- [Instructions to follow] Please print each record exactly, omitting none of them.

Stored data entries

******************************

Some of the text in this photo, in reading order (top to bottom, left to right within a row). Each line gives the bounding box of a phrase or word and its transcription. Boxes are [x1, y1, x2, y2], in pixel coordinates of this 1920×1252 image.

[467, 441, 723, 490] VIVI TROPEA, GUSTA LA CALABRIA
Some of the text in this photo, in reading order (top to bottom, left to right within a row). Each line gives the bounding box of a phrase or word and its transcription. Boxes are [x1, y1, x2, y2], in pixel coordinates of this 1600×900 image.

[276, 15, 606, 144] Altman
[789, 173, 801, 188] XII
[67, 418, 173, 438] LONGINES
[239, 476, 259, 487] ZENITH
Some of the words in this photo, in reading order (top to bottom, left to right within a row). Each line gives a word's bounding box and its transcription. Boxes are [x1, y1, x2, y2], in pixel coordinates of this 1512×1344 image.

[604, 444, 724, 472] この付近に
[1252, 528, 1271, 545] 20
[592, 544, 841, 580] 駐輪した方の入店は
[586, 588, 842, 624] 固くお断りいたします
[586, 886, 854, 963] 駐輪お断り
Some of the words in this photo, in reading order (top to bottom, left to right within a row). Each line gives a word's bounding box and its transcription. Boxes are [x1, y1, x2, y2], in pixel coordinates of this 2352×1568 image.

******************************

- [Your response]
Some of the text in this photo, in reading order (top to bottom, left to right within a row). Each line gives the bounding box of a phrase or word and its transcription. Boxes are [x1, y1, x2, y2], in pixel coordinates of this 1920×1252 image.

[467, 441, 723, 490] VIVI TROPEA, GUSTA LA CALABRIA
Some of the text in this photo, in reading order (top to bottom, left to right within a row). Each line gives the bounding box of a phrase or word and its transcription. Boxes are [x1, y1, x2, y2], in pixel coordinates of this 1600×900 image.

[276, 15, 606, 144] Altman
[789, 173, 801, 188] XII
[67, 418, 173, 438] LONGINES
[239, 476, 259, 487] ZENITH
Some of the words in this photo, in reading order (top to bottom, left to right within a row). Each line gives a word's bounding box and its transcription. Boxes are [x1, y1, x2, y2], in pixel coordinates of this 1512×1344 image.

[604, 444, 724, 472] この付近に
[1252, 528, 1271, 545] 20
[592, 544, 841, 580] 駐輪した方の入店は
[586, 588, 842, 624] 固くお断りいたします
[586, 886, 854, 963] 駐輪お断り
Some of the words in this photo, in reading order (top to bottom, left to right within a row). Each line gives a word's bounding box and its transcription. Boxes are [x1, y1, x2, y2], in pixel coordinates of this 2352×1568 image.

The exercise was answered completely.